### Extracted data

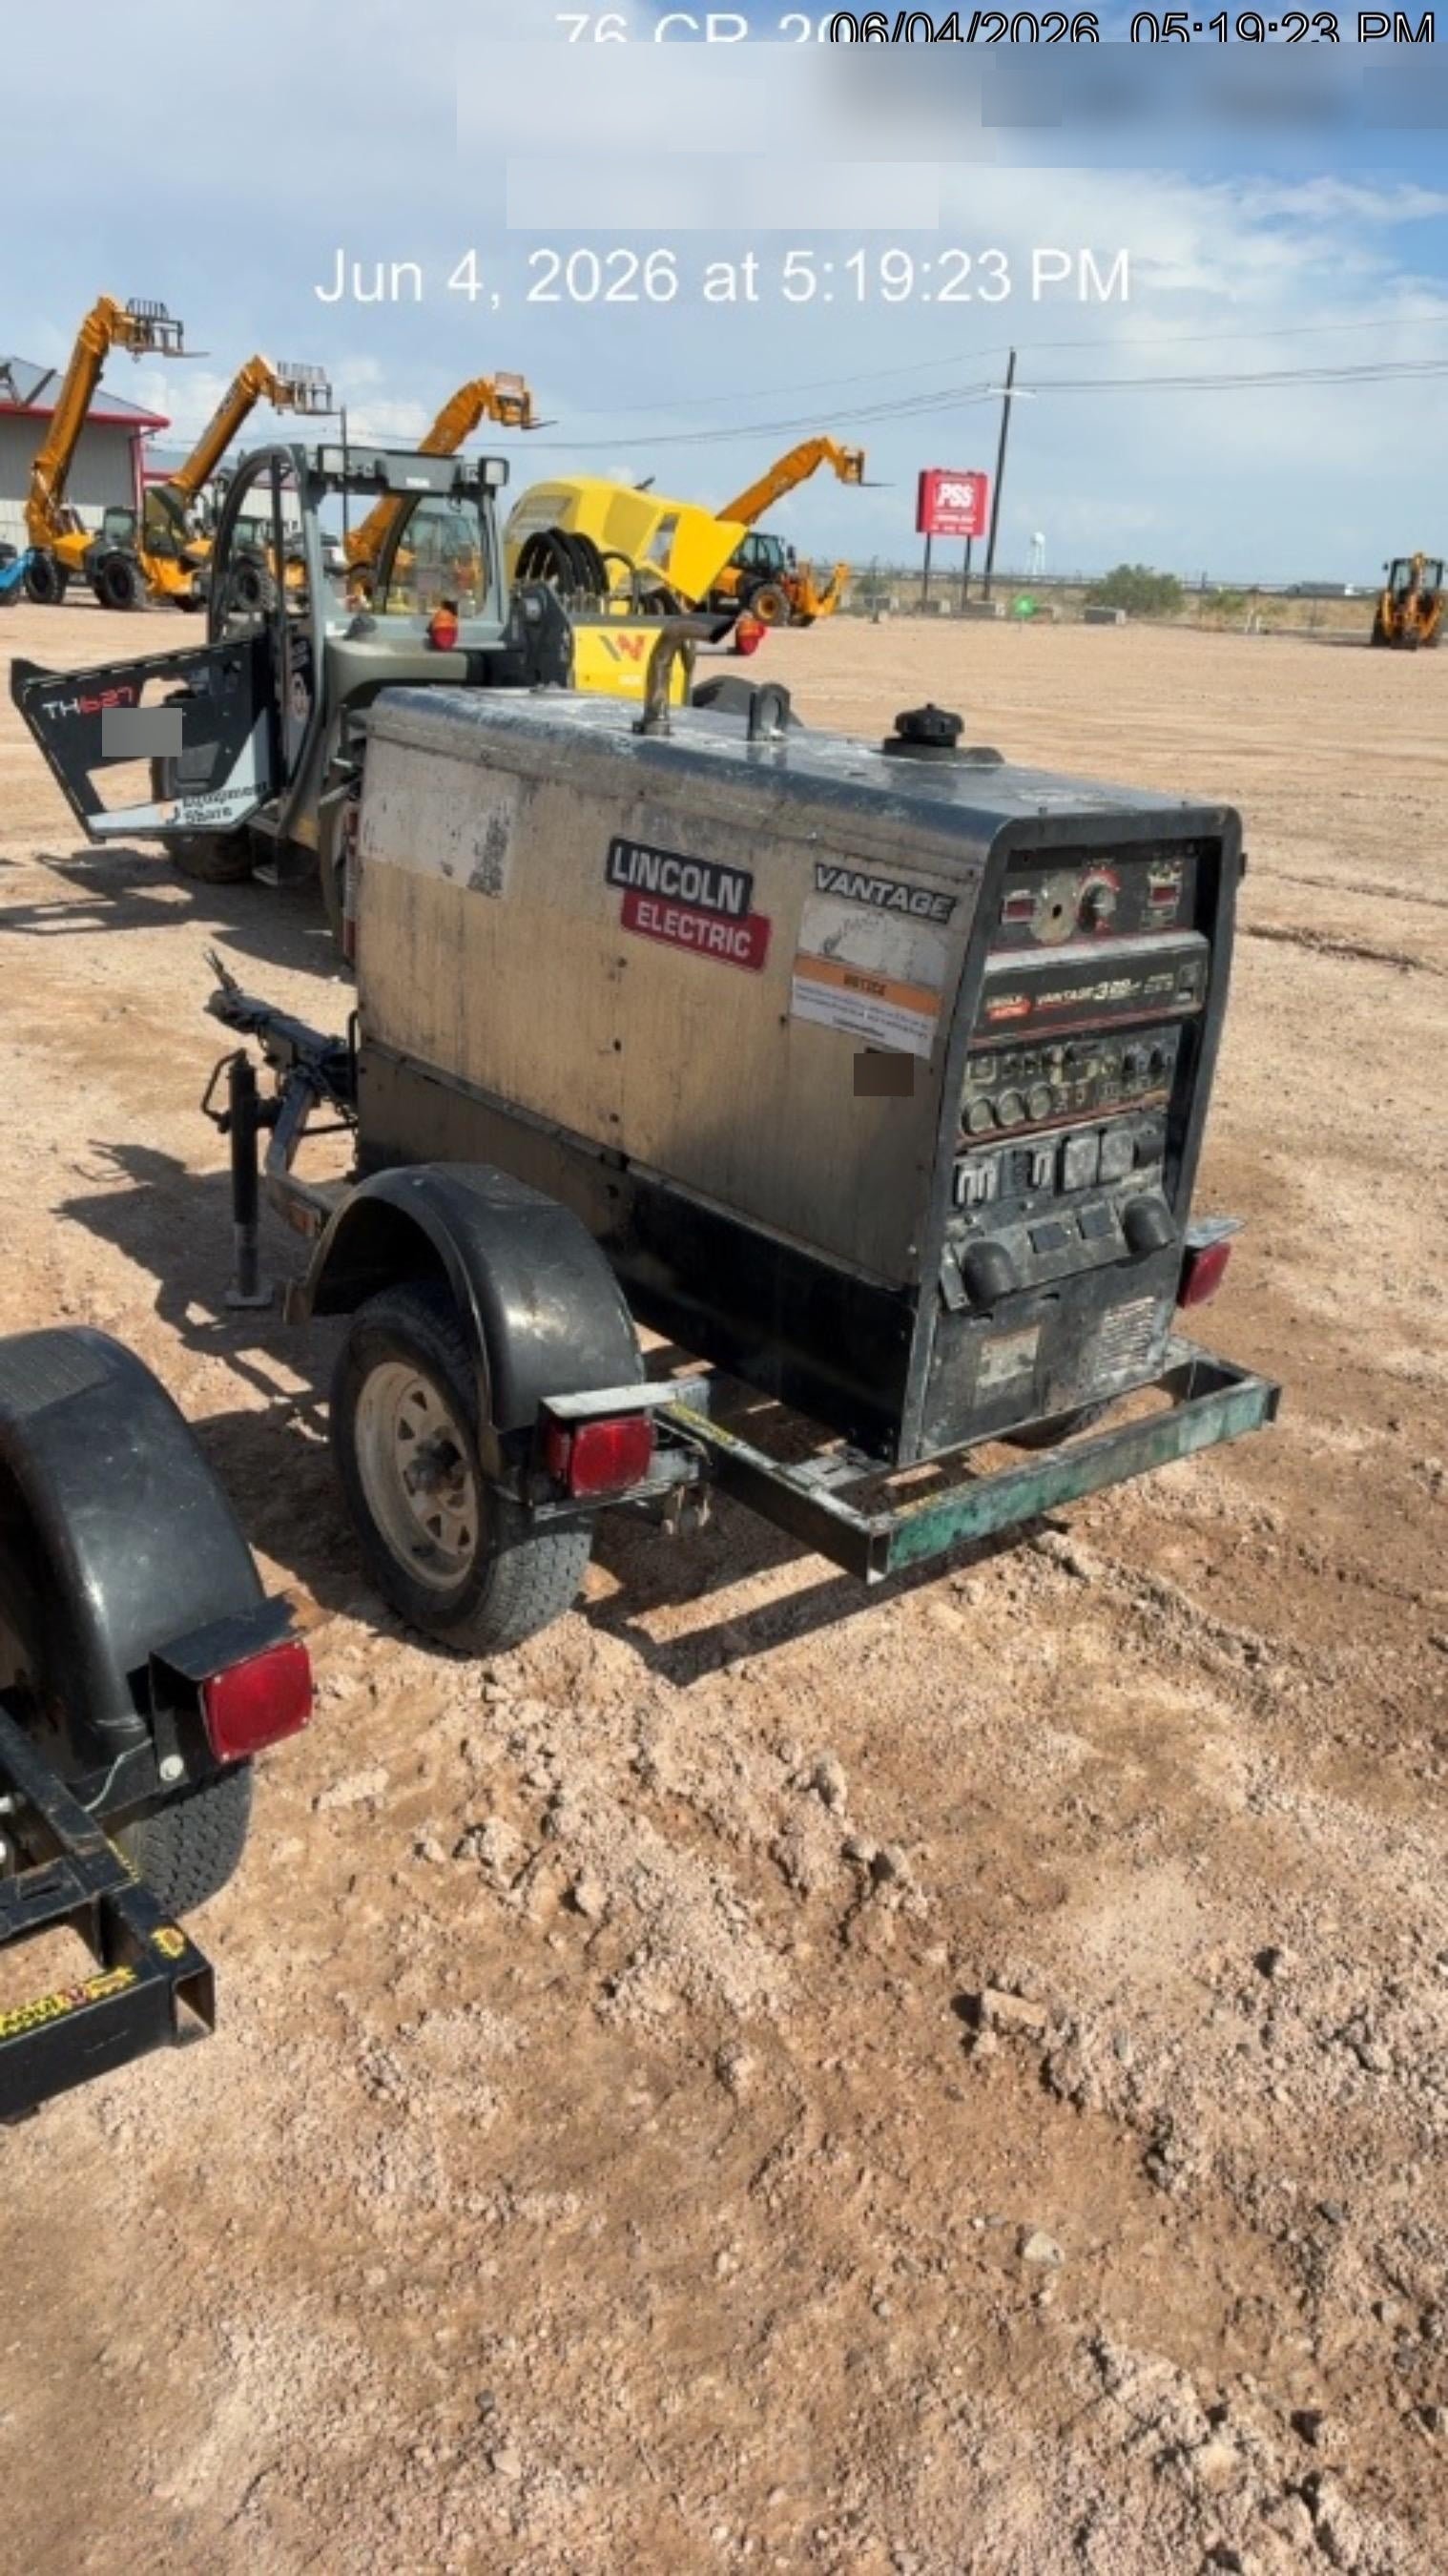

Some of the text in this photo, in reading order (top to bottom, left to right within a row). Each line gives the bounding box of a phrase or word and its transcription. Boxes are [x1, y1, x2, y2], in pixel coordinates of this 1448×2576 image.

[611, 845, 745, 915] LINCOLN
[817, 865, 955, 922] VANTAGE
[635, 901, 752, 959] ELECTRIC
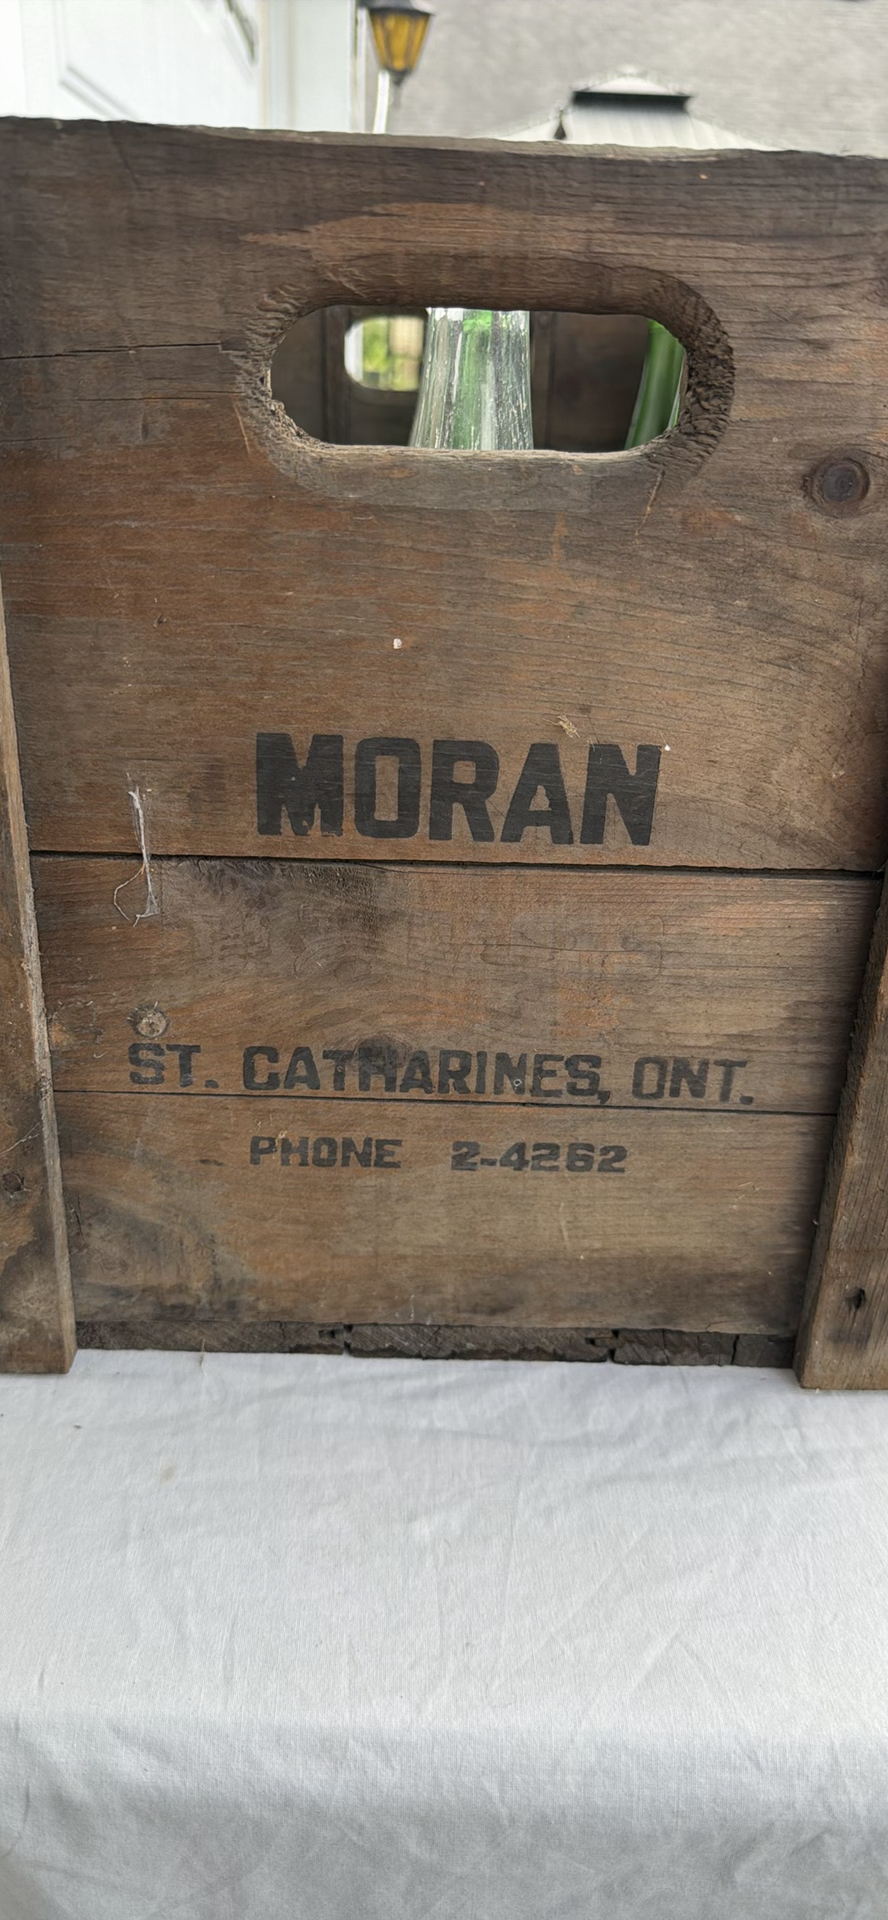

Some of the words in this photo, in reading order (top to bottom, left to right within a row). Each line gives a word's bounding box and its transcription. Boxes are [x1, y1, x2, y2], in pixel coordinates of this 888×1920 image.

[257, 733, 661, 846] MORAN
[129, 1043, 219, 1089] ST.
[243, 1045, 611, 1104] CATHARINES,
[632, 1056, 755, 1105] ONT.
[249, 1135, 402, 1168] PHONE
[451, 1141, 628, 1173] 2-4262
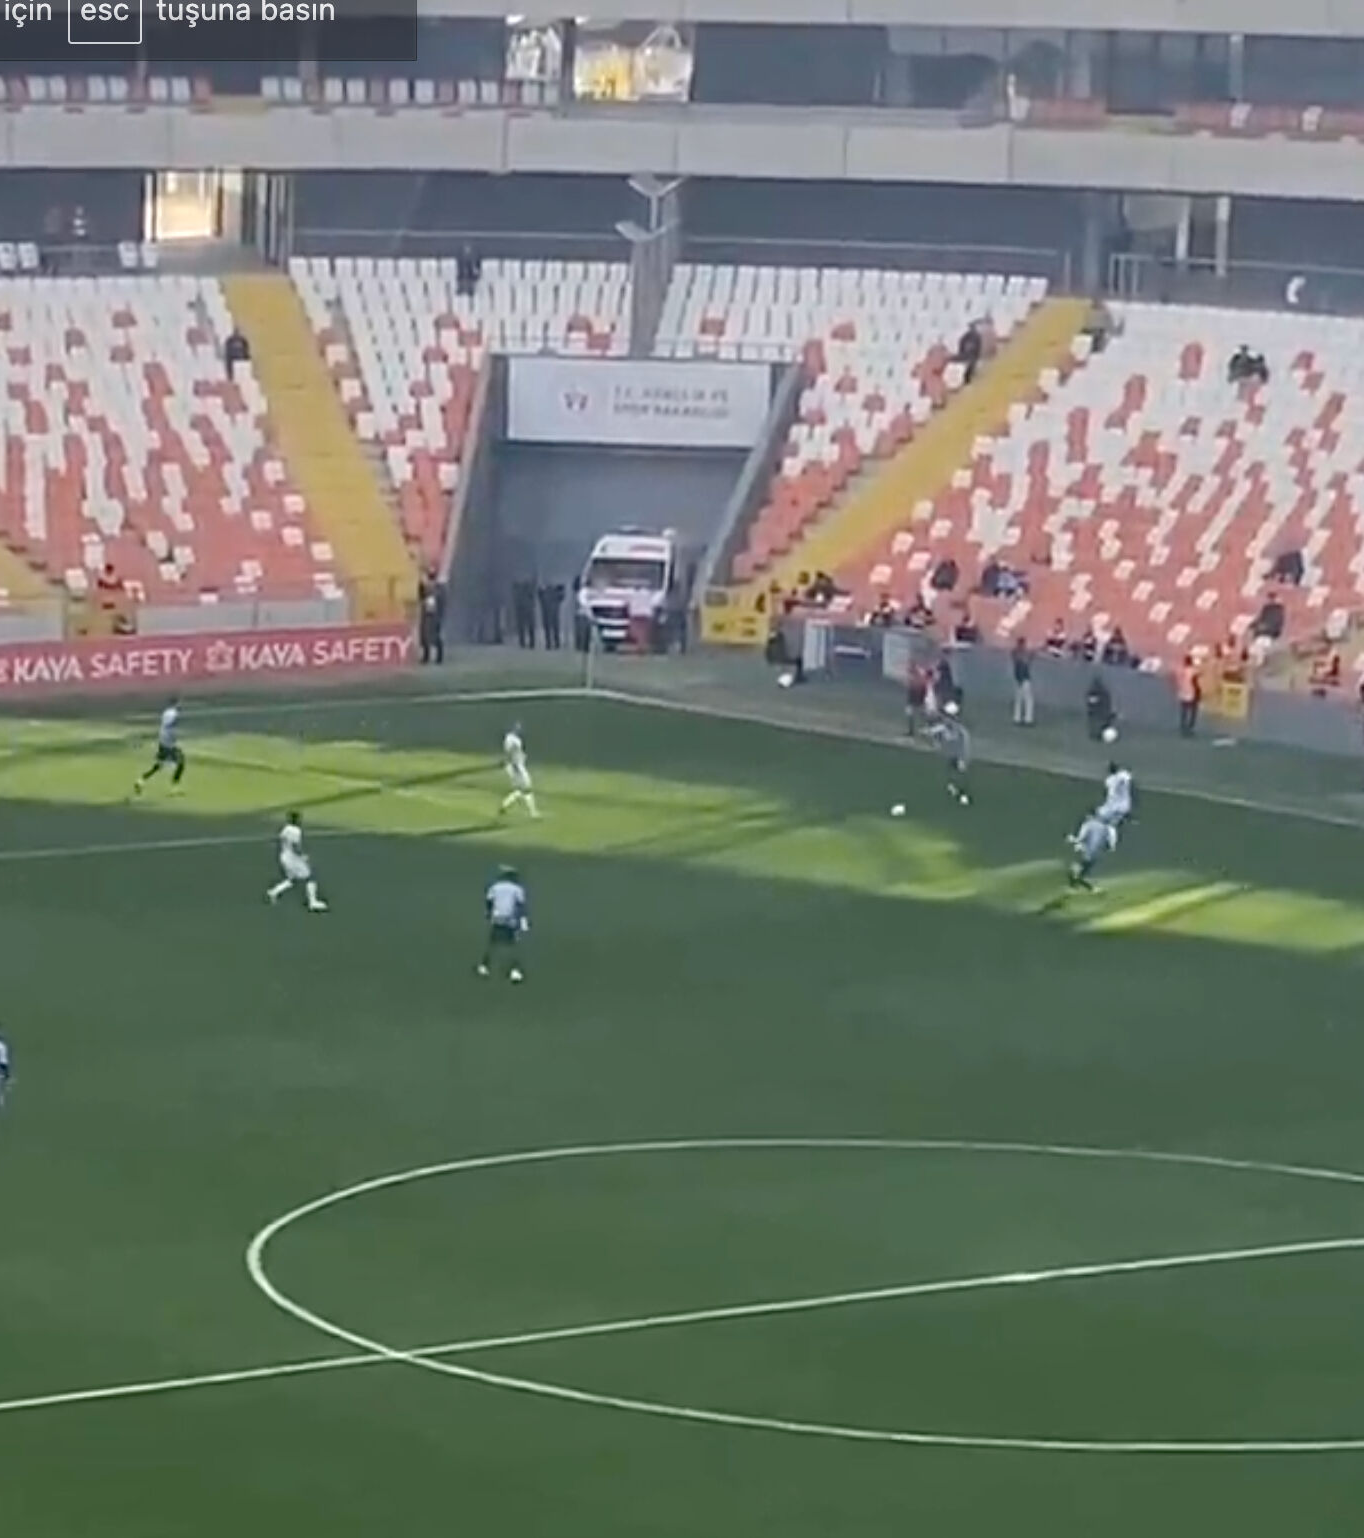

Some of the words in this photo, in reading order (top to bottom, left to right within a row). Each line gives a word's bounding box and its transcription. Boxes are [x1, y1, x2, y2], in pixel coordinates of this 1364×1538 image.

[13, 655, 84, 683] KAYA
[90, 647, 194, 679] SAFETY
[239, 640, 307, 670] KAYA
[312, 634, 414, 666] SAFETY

######

(Work instructions) Reproduce only the lines between the line containing "this 1364×1538 image." and the last line of the records, those two lines included, exactly.

(Solution)
Some of the words in this photo, in reading order (top to bottom, left to right within a row). Each line gives a word's bounding box and its transcription. Boxes are [x1, y1, x2, y2], in pixel coordinates of this 1364×1538 image.

[13, 655, 84, 683] KAYA
[90, 647, 194, 679] SAFETY
[239, 640, 307, 670] KAYA
[312, 634, 414, 666] SAFETY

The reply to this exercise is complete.